[Saved entries]
*** Block opens ***
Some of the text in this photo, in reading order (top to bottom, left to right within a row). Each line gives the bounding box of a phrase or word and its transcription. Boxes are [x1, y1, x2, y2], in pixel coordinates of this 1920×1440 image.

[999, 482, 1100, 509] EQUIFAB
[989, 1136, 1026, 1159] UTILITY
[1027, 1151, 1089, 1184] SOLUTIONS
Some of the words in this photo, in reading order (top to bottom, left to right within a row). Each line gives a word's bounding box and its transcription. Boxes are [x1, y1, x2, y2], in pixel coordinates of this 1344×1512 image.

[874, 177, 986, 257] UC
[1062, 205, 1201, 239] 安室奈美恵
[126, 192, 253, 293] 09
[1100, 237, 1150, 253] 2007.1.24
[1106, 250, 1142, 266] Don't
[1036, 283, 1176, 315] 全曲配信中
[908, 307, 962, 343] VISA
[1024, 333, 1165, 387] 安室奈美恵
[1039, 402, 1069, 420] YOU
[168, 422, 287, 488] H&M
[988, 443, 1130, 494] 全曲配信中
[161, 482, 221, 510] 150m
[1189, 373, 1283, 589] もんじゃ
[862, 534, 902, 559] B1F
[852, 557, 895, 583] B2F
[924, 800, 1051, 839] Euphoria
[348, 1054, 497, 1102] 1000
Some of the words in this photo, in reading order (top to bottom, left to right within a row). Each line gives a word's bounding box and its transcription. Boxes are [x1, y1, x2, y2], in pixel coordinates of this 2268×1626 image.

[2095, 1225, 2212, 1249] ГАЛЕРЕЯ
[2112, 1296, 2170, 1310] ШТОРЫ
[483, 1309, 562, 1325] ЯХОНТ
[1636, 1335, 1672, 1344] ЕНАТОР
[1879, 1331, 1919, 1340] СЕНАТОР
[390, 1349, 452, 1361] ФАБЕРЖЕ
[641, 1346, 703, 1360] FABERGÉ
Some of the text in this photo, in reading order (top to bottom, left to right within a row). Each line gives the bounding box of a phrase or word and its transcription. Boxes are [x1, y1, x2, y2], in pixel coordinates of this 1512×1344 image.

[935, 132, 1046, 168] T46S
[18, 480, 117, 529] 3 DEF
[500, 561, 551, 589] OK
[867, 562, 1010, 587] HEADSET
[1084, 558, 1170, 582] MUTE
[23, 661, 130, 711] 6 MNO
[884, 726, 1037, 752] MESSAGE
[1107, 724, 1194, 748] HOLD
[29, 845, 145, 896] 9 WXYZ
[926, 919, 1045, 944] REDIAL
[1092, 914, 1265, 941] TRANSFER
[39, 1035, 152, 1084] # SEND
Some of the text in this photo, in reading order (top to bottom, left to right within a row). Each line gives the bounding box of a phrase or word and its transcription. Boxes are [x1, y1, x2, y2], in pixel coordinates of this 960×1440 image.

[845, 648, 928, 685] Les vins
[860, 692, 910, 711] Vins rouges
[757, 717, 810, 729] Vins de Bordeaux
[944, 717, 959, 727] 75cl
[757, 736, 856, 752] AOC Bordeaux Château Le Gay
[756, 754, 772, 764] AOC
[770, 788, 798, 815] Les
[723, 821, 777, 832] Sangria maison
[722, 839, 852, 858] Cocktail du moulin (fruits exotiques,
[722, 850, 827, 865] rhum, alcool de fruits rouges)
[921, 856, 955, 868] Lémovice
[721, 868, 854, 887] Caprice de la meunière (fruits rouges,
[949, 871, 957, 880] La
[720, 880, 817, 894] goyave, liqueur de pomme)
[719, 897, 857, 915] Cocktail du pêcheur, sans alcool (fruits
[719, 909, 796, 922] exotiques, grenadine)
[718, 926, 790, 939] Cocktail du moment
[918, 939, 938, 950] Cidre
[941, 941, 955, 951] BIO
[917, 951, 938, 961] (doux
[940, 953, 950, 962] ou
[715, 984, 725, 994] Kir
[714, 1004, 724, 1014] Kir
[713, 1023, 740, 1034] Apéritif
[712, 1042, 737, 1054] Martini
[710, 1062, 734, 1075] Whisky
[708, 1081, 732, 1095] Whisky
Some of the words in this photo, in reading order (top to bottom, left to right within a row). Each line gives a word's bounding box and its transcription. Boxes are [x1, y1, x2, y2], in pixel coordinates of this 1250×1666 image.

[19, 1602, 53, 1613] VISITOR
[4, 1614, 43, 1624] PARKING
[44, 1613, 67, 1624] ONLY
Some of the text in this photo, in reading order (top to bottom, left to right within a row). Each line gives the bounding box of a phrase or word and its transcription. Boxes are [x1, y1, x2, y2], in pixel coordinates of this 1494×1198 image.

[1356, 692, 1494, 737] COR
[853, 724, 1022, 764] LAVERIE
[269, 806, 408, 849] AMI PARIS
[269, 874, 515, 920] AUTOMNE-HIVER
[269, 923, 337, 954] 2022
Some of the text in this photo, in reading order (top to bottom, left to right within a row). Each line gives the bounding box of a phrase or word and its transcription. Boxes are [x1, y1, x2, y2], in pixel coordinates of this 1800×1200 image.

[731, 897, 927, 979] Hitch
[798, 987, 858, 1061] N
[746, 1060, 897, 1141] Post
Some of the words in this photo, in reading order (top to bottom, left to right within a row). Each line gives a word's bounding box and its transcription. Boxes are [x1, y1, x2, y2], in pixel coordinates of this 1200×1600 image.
*** Block closes ***
**WHAT YOU HAVE TO DO**: Above are the entries; give them back verbatim.

**WRITTEN SOLUTION**:
Some of the text in this photo, in reading order (top to bottom, left to right within a row). Each line gives the bounding box of a phrase or word and its transcription. Boxes are [x1, y1, x2, y2], in pixel coordinates of this 1920×1440 image.

[999, 482, 1100, 509] EQUIFAB
[989, 1136, 1026, 1159] UTILITY
[1027, 1151, 1089, 1184] SOLUTIONS
Some of the words in this photo, in reading order (top to bottom, left to right within a row). Each line gives a word's bounding box and its transcription. Boxes are [x1, y1, x2, y2], in pixel coordinates of this 1344×1512 image.

[874, 177, 986, 257] UC
[1062, 205, 1201, 239] 安室奈美恵
[126, 192, 253, 293] 09
[1100, 237, 1150, 253] 2007.1.24
[1106, 250, 1142, 266] Don't
[1036, 283, 1176, 315] 全曲配信中
[908, 307, 962, 343] VISA
[1024, 333, 1165, 387] 安室奈美恵
[1039, 402, 1069, 420] YOU
[168, 422, 287, 488] H&M
[988, 443, 1130, 494] 全曲配信中
[161, 482, 221, 510] 150m
[1189, 373, 1283, 589] もんじゃ
[862, 534, 902, 559] B1F
[852, 557, 895, 583] B2F
[924, 800, 1051, 839] Euphoria
[348, 1054, 497, 1102] 1000
Some of the words in this photo, in reading order (top to bottom, left to right within a row). Each line gives a word's bounding box and its transcription. Boxes are [x1, y1, x2, y2], in pixel coordinates of this 2268×1626 image.

[2095, 1225, 2212, 1249] ГАЛЕРЕЯ
[2112, 1296, 2170, 1310] ШТОРЫ
[483, 1309, 562, 1325] ЯХОНТ
[1636, 1335, 1672, 1344] ЕНАТОР
[1879, 1331, 1919, 1340] СЕНАТОР
[390, 1349, 452, 1361] ФАБЕРЖЕ
[641, 1346, 703, 1360] FABERGÉ
Some of the text in this photo, in reading order (top to bottom, left to right within a row). Each line gives the bounding box of a phrase or word and its transcription. Boxes are [x1, y1, x2, y2], in pixel coordinates of this 1512×1344 image.

[935, 132, 1046, 168] T46S
[18, 480, 117, 529] 3 DEF
[500, 561, 551, 589] OK
[867, 562, 1010, 587] HEADSET
[1084, 558, 1170, 582] MUTE
[23, 661, 130, 711] 6 MNO
[884, 726, 1037, 752] MESSAGE
[1107, 724, 1194, 748] HOLD
[29, 845, 145, 896] 9 WXYZ
[926, 919, 1045, 944] REDIAL
[1092, 914, 1265, 941] TRANSFER
[39, 1035, 152, 1084] # SEND
Some of the text in this photo, in reading order (top to bottom, left to right within a row). Each line gives the bounding box of a phrase or word and its transcription. Boxes are [x1, y1, x2, y2], in pixel coordinates of this 960×1440 image.

[845, 648, 928, 685] Les vins
[860, 692, 910, 711] Vins rouges
[757, 717, 810, 729] Vins de Bordeaux
[944, 717, 959, 727] 75cl
[757, 736, 856, 752] AOC Bordeaux Château Le Gay
[756, 754, 772, 764] AOC
[770, 788, 798, 815] Les
[723, 821, 777, 832] Sangria maison
[722, 839, 852, 858] Cocktail du moulin (fruits exotiques,
[722, 850, 827, 865] rhum, alcool de fruits rouges)
[921, 856, 955, 868] Lémovice
[721, 868, 854, 887] Caprice de la meunière (fruits rouges,
[949, 871, 957, 880] La
[720, 880, 817, 894] goyave, liqueur de pomme)
[719, 897, 857, 915] Cocktail du pêcheur, sans alcool (fruits
[719, 909, 796, 922] exotiques, grenadine)
[718, 926, 790, 939] Cocktail du moment
[918, 939, 938, 950] Cidre
[941, 941, 955, 951] BIO
[917, 951, 938, 961] (doux
[940, 953, 950, 962] ou
[715, 984, 725, 994] Kir
[714, 1004, 724, 1014] Kir
[713, 1023, 740, 1034] Apéritif
[712, 1042, 737, 1054] Martini
[710, 1062, 734, 1075] Whisky
[708, 1081, 732, 1095] Whisky
Some of the words in this photo, in reading order (top to bottom, left to right within a row). Each line gives a word's bounding box and its transcription. Boxes are [x1, y1, x2, y2], in pixel coordinates of this 1250×1666 image.

[19, 1602, 53, 1613] VISITOR
[4, 1614, 43, 1624] PARKING
[44, 1613, 67, 1624] ONLY
Some of the text in this photo, in reading order (top to bottom, left to right within a row). Each line gives the bounding box of a phrase or word and its transcription. Boxes are [x1, y1, x2, y2], in pixel coordinates of this 1494×1198 image.

[1356, 692, 1494, 737] COR
[853, 724, 1022, 764] LAVERIE
[269, 806, 408, 849] AMI PARIS
[269, 874, 515, 920] AUTOMNE-HIVER
[269, 923, 337, 954] 2022
Some of the text in this photo, in reading order (top to bottom, left to right within a row). Each line gives the bounding box of a phrase or word and its transcription. Boxes are [x1, y1, x2, y2], in pixel coordinates of this 1800×1200 image.

[731, 897, 927, 979] Hitch
[798, 987, 858, 1061] N
[746, 1060, 897, 1141] Post
Some of the words in this photo, in reading order (top to bottom, left to right within a row). Each line gives a word's bounding box and its transcription. Boxes are [x1, y1, x2, y2], in pixel coordinates of this 1200×1600 image.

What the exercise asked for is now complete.